Aim of the exercise:
Here the job is to copy the data exactly and to exclude every image from it.

(Spatial localization data)

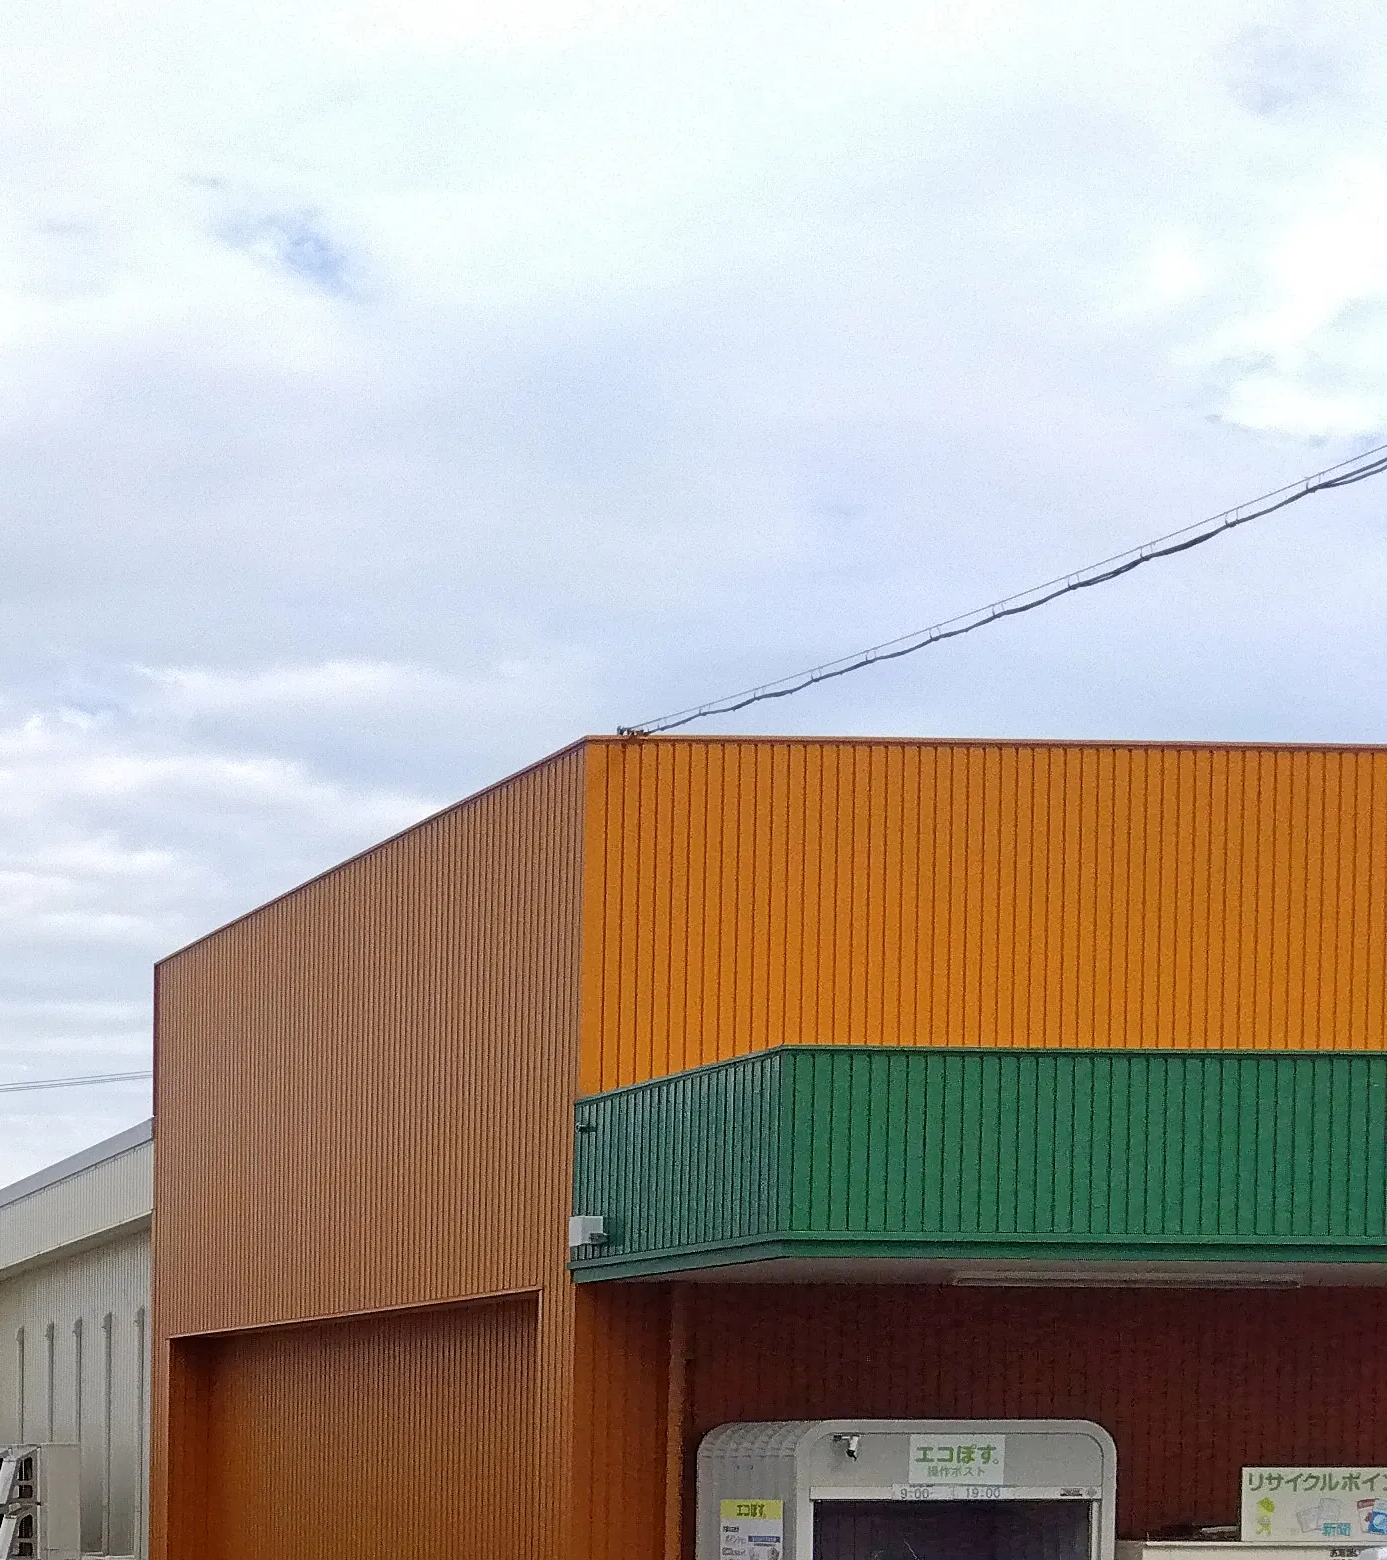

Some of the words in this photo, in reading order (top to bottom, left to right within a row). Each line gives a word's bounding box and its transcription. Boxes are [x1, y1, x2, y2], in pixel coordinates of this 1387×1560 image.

[914, 1443, 1000, 1465] エコぽす。
[1248, 1472, 1387, 1493] リサイクルポイ
[1322, 1522, 1352, 1537] 新聞
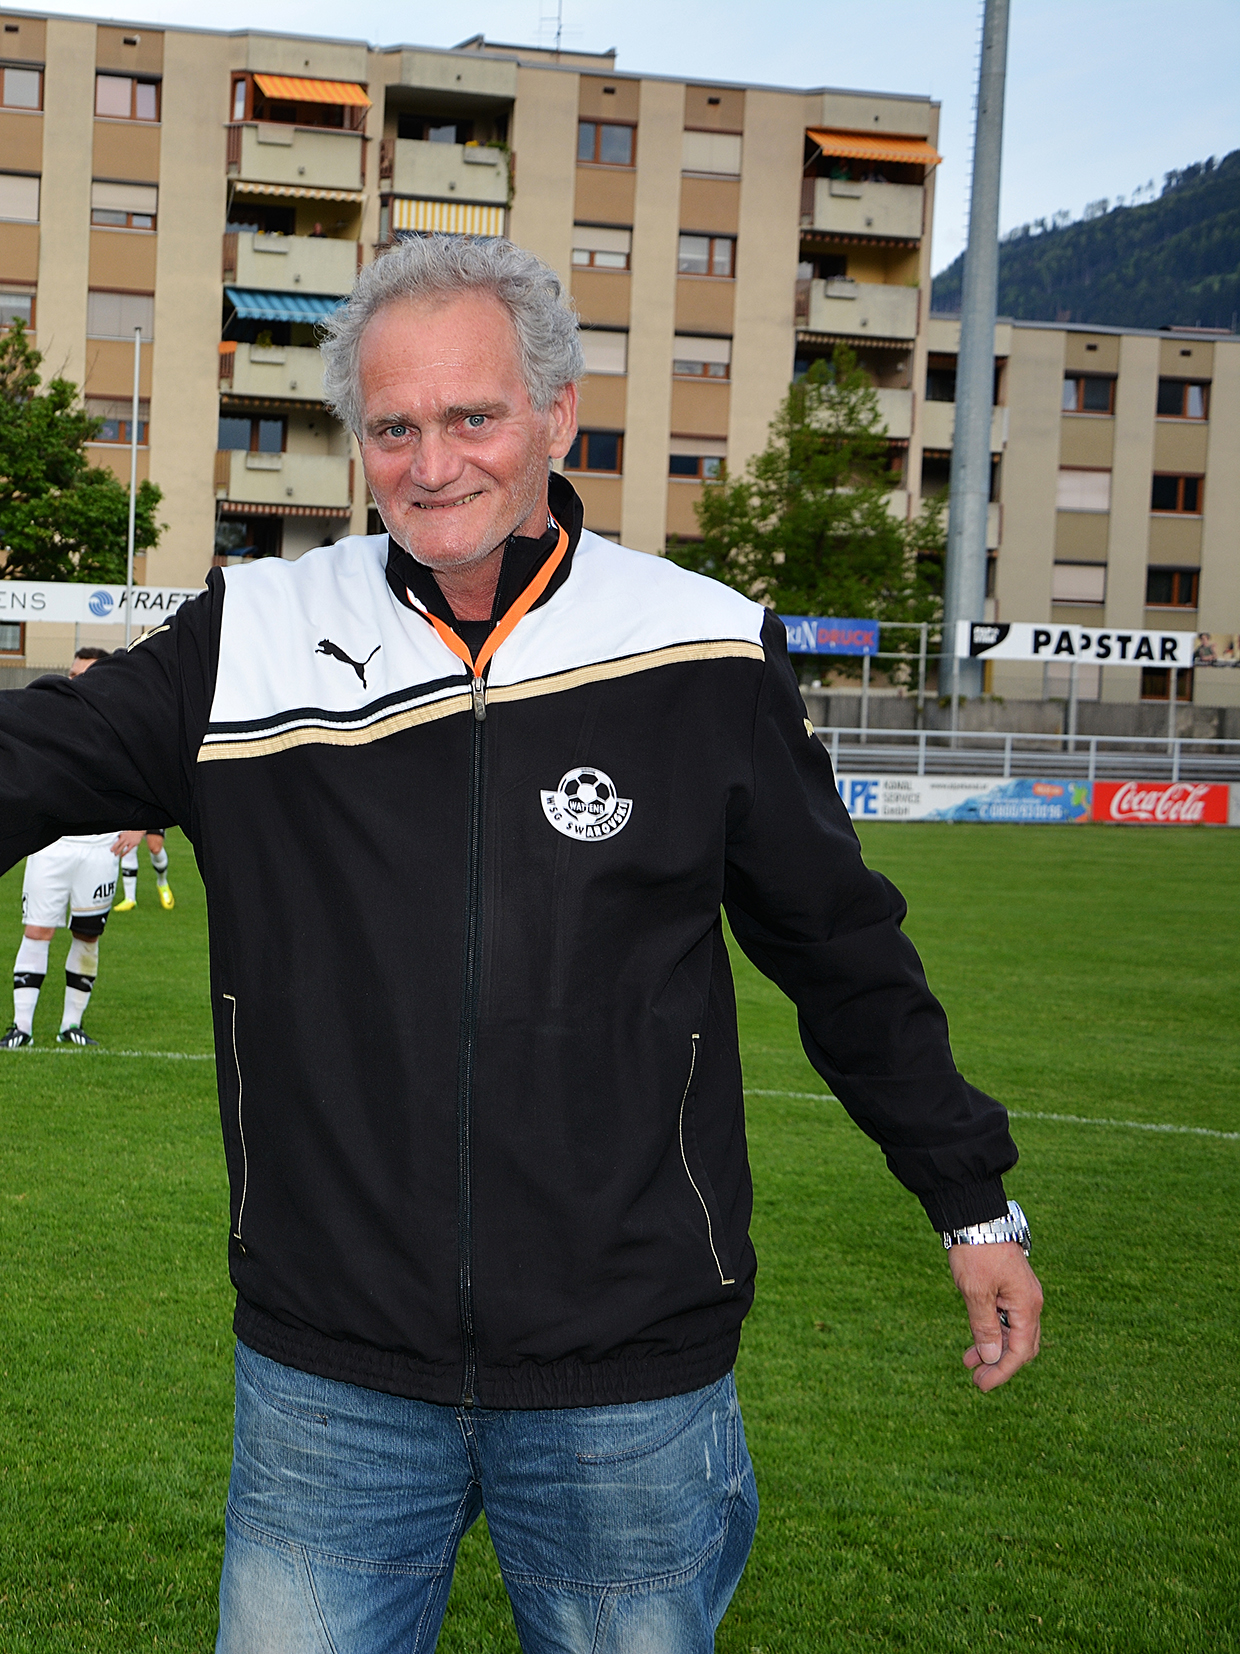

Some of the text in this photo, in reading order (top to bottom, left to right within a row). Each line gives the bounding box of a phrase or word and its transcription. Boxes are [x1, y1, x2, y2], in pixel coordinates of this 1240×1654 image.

[1033, 628, 1178, 662] PAPSTAR
[546, 795, 629, 837] WSG SWAROVSKI

Written response:
Some of the words in this photo, in reading order (top to bottom, left to right within a row). Each line gives a word's bounding box and its transcription. Boxes are [x1, y1, x2, y2], in pixel coordinates of this 1387×1560 image.

[914, 1443, 1000, 1465] エコぽす。
[1248, 1472, 1387, 1493] リサイクルポイ
[1322, 1522, 1352, 1537] 新聞

Some of the text in this photo, in reading order (top to bottom, left to right within a row). Each line gives the bounding box of a phrase or word and its transcription. Boxes are [x1, y1, x2, y2], in pixel coordinates of this 1240×1654 image.

[1033, 628, 1178, 662] PAPSTAR
[546, 795, 629, 837] WSG SWAROVSKI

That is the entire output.